> **Try it**
Copy every record verbatim. Leave the pictures out.

> **Dataset records**
-.-.-

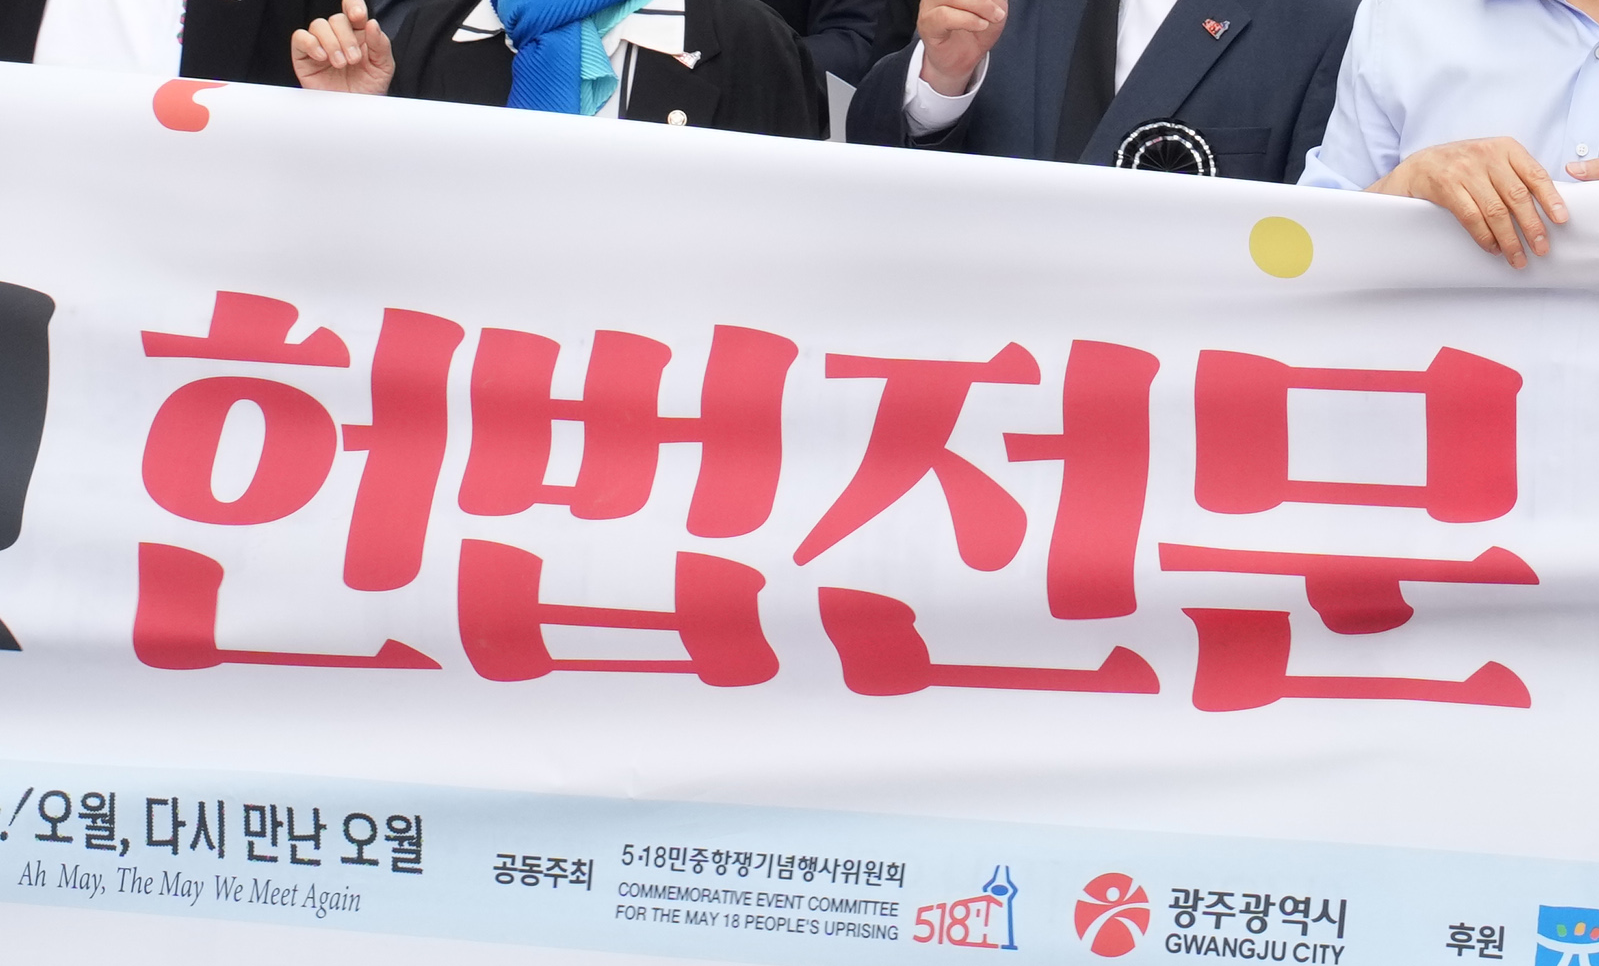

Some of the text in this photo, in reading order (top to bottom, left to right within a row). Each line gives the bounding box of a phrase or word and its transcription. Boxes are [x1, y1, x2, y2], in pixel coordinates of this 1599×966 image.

[132, 290, 1542, 713] 헌법전문
[145, 795, 226, 860] 다시
[242, 801, 328, 867] 만난
[340, 811, 425, 875] 오월
[17, 859, 362, 919] Ah May, The May We Meet Again
[492, 851, 595, 891] 공동주최
[617, 881, 900, 918] COMMEMORATIVE EVENT COMMITTEE
[1167, 886, 1348, 941] 광주광역시
[615, 904, 900, 941] FOR THE MAY 18 PEOPLE'S UPRISING
[1445, 920, 1505, 960] 후원
[1164, 933, 1346, 966] GWANGJU CITY

-.-.-

> **Answer section**
Some of the text in this photo, in reading order (top to bottom, left to right within a row). Each line gives the bounding box of a phrase or word and its transcription. Boxes are [x1, y1, x2, y2], in pixel coordinates of this 1599×966 image.

[132, 290, 1542, 713] 헌법전문
[145, 795, 226, 860] 다시
[242, 801, 328, 867] 만난
[340, 811, 425, 875] 오월
[17, 859, 362, 919] Ah May, The May We Meet Again
[492, 851, 595, 891] 공동주최
[617, 881, 900, 918] COMMEMORATIVE EVENT COMMITTEE
[1167, 886, 1348, 941] 광주광역시
[615, 904, 900, 941] FOR THE MAY 18 PEOPLE'S UPRISING
[1445, 920, 1505, 960] 후원
[1164, 933, 1346, 966] GWANGJU CITY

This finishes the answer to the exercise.